CLN2為常染色體隱性遺傳,即等位基因上有2個有害突變可能導致疾病的發生。 本文檢測到的TPP1: c.1424C>T(p.Ser475Leu)和c.962A>G(p.His321Arg) 在正常人群中發生概率極低。 TPP1 基因 CDS 區的第 1424 號核苷酸由 C 突變為 T,導致編碼的第 475 號氨基酸由絲氨酸突變為亮氨酸,此變異與已報道的另一致病變異 c.509-1G>C 曾在CLN2患者中有檢出,兩者在染色體上為反式排列[11]。此外,另一個突變位點c.962A>G(p.His321Arg),提示TPP1 基因 CDS 區域的第 962 號核苷酸由 A 突變為 G,導致編碼的第 321 號氨基酸由組氨酸突變為精氨酸,此變異在多個普通人群數據庫(1000g、ExAC 及 gnomAD)中未見報道,提示變異在普通人群數據庫中極為罕見;此變異位于肽酶 S8/S53 功能結構域,表明該突變位點對TPP1蛋白的正常功能至關重要,目前暫未發現此變異存在相關臨床或功能報道。一代測序結果顯示,先證者的母親攜帶有此變異,父親未攜帶,證實先證者的此變異遺傳自母親。此變異與本次檢出的另一疑似致病變異(c.1424C>T)在染色體上為反式排列,符合 CLN2 疾病的常染色體隱性遺傳模式。以上兩個突變位點,在人類和其他物種同源蛋白相同區域高度保守不易發生改變,對行使蛋白質的正常功能具有重要意義。以上結果均支持 c.962A>G(p.His321Arg)可能為 CLN2 疾病新發現的致病突變。綜合以上遺傳學分析得出,TPP1 的復合雜合突變極有可能導致晚嬰型NCLs。

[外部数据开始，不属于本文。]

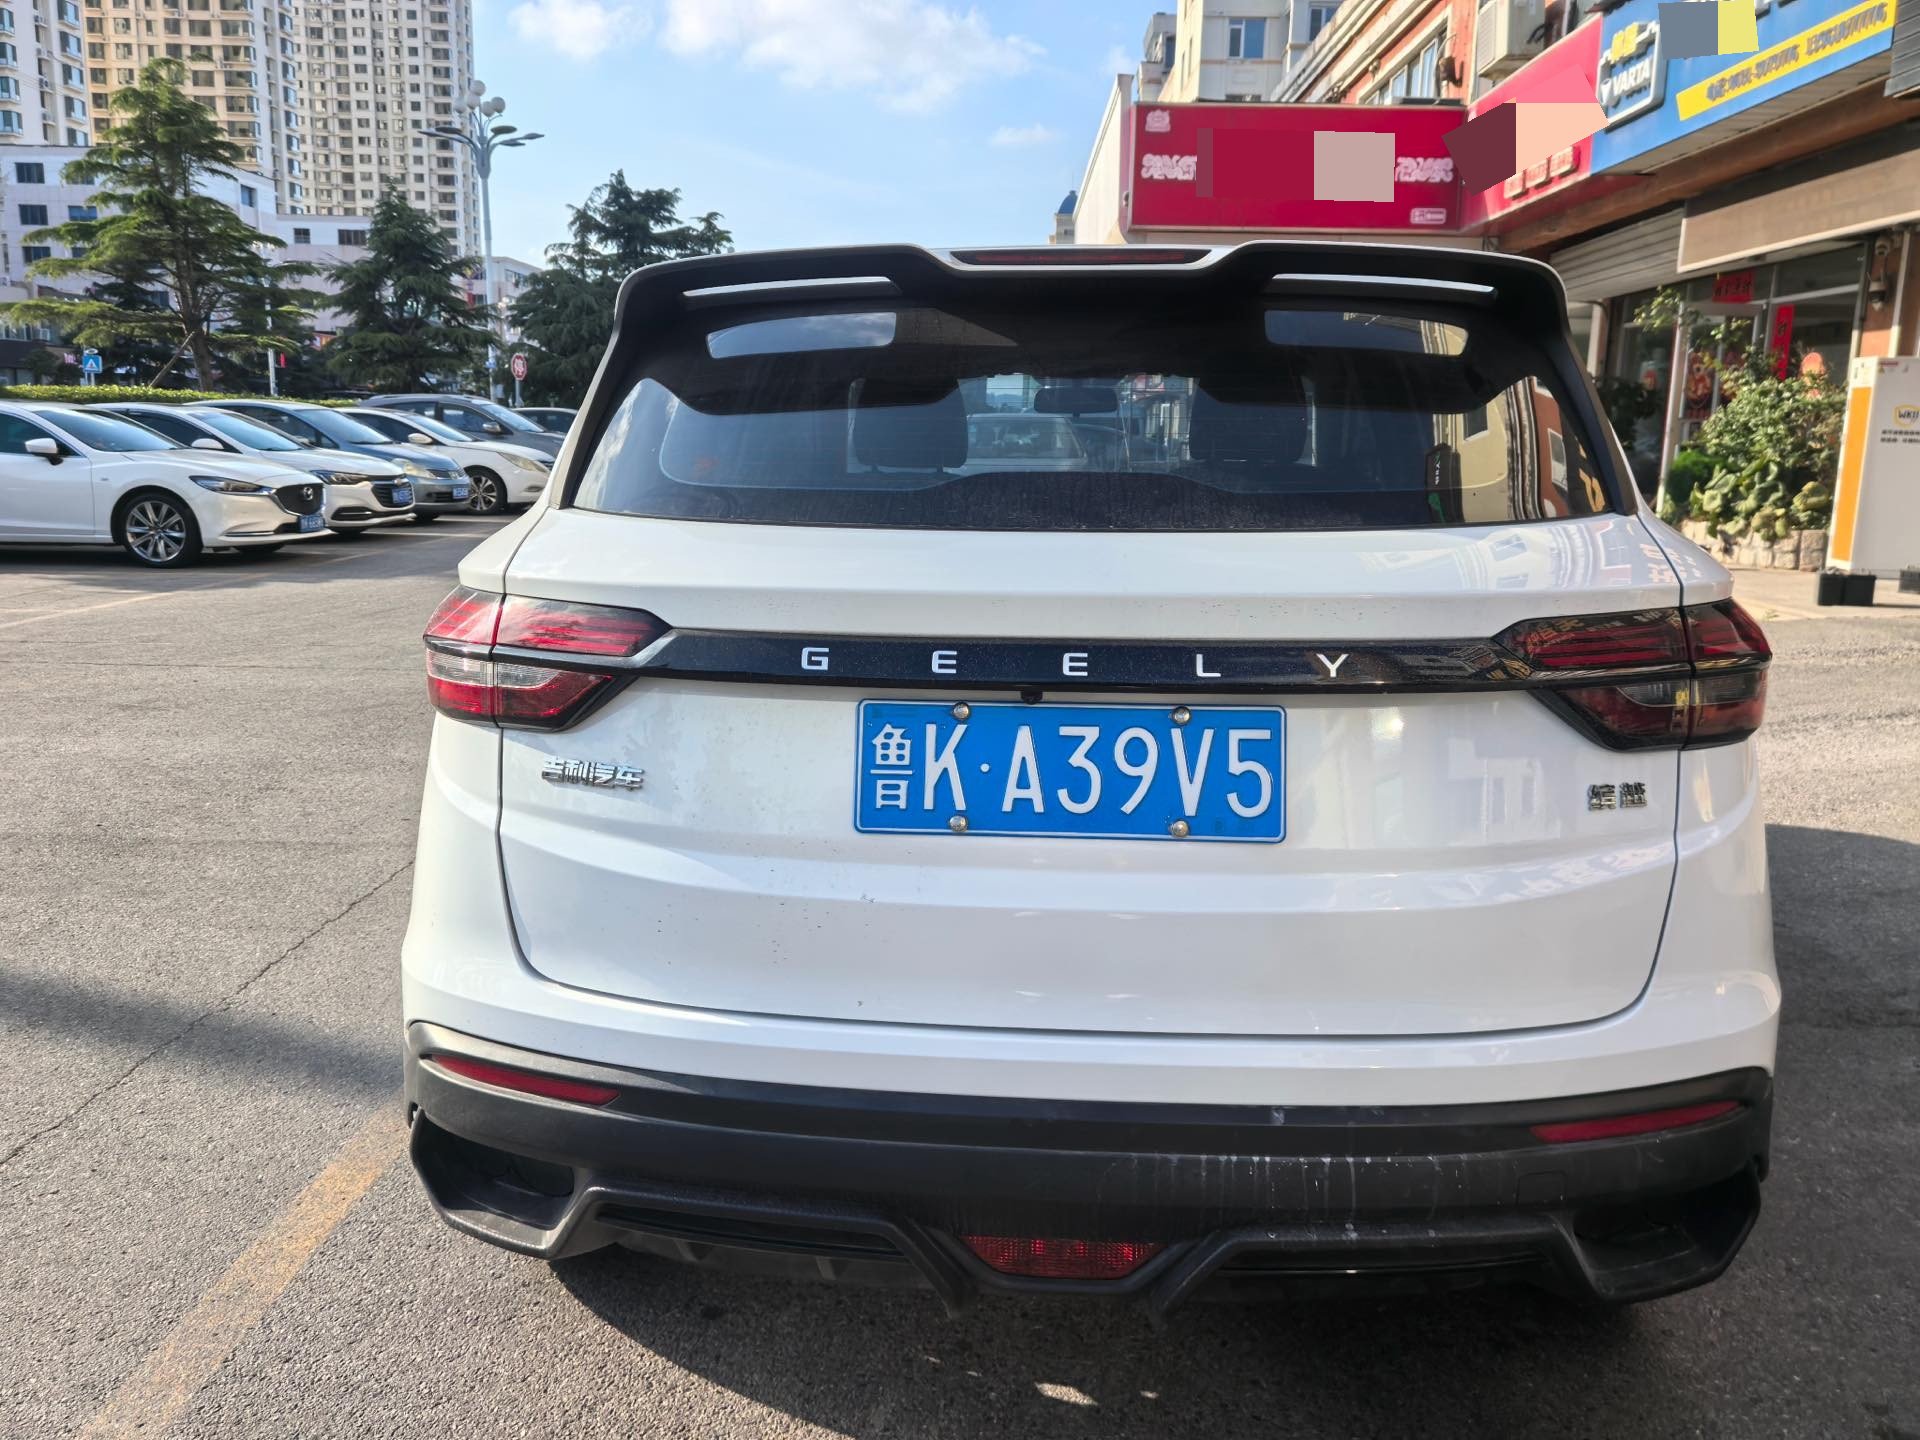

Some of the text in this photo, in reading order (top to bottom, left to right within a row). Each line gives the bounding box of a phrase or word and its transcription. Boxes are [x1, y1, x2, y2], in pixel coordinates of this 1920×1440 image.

[1612, 57, 1651, 97] VARTA
[801, 646, 1349, 678] GEELY
[870, 722, 1274, 819] 鲁K·A39V5
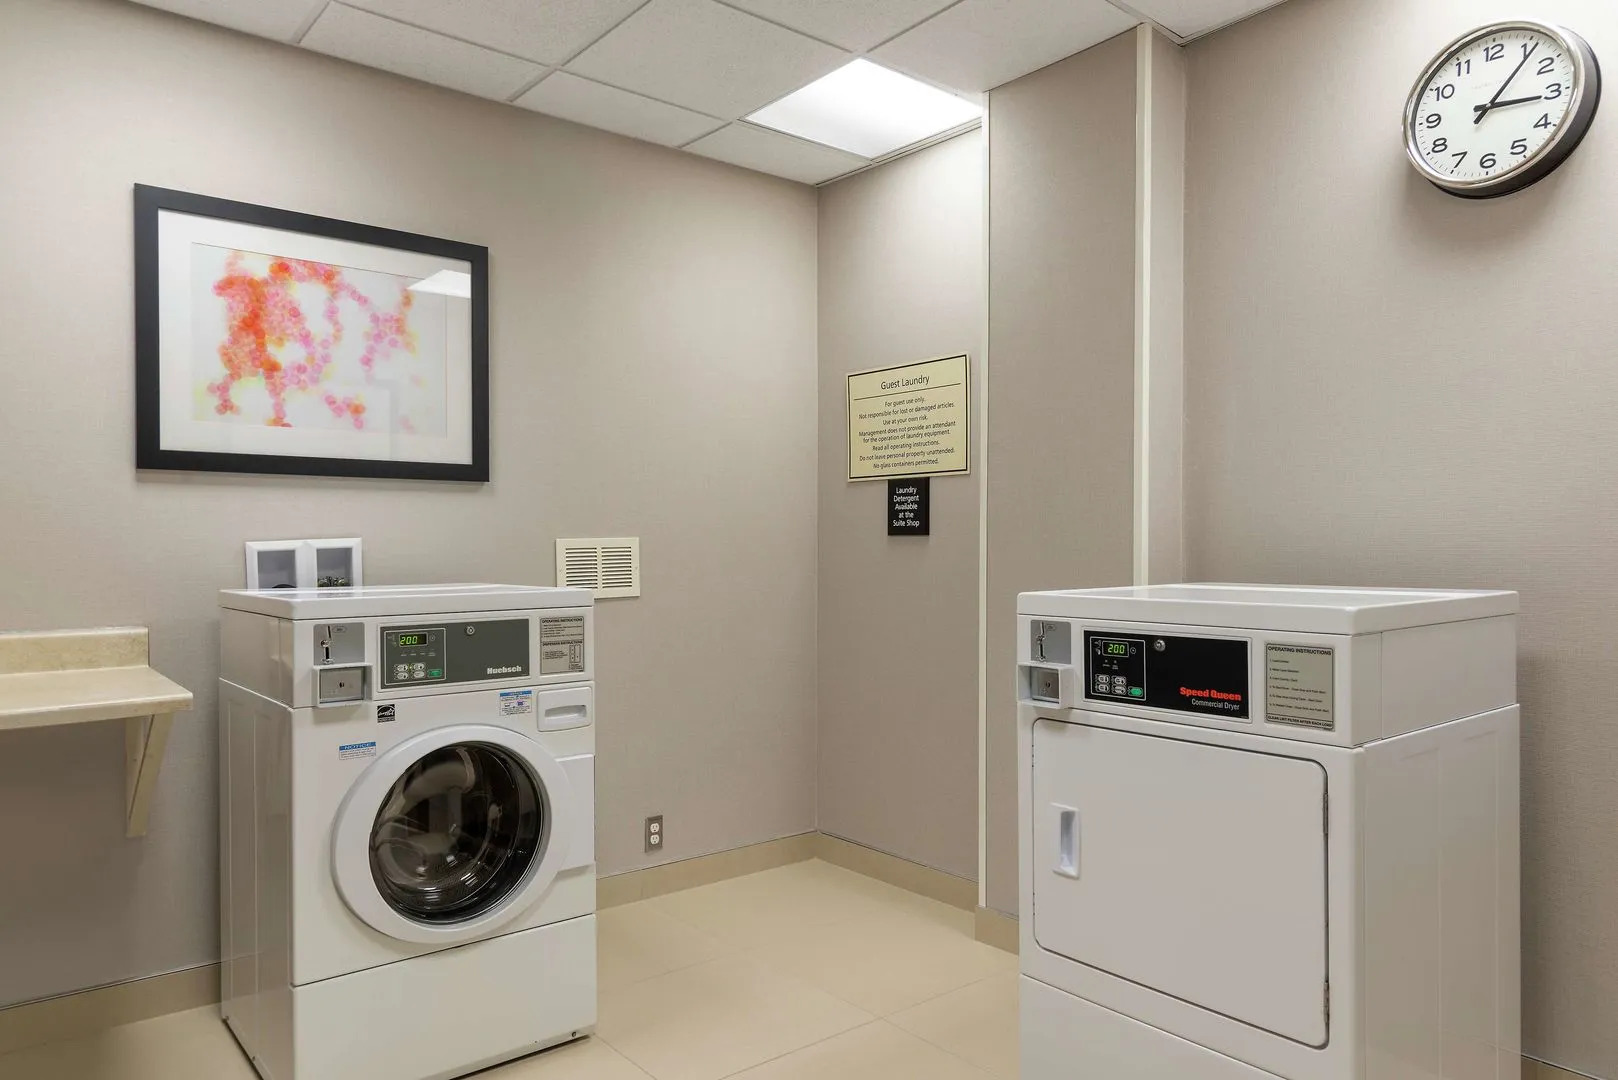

新生兒篩查是改善目前可治療疾病的早期診斷的最有效方法,有專家建議,用與串聯質譜檢測相兼容的酶底物測定TPP1活性,可支持未來大規模的NBS計劃[5, 23]。但是新生兒篩查CLN2項目的成功主要依賴于基因型-表型相關性的清晰性,因此,我們必須共同努力確定TPP1變異所導致的疾病可能性,以便通過人群篩選和診斷分子遺傳檢測來解釋檢測到的變異。隨著分子遺傳檢測作為小兒起病神經系統疾病的一線診斷檢測日益增多,全面的報告和數據共享至關重要。臨床上發現TPP1/CLN2突變攜帶者,下一代致病概率較高,建議進行早期遺傳咨詢及家系驗證。本研究可為該家系遺傳咨詢及再生育指導提供依據,新突變基因的發現也擴大了該基因的突變譜,為闡明 NCLs 遺傳機制提供線索和方向。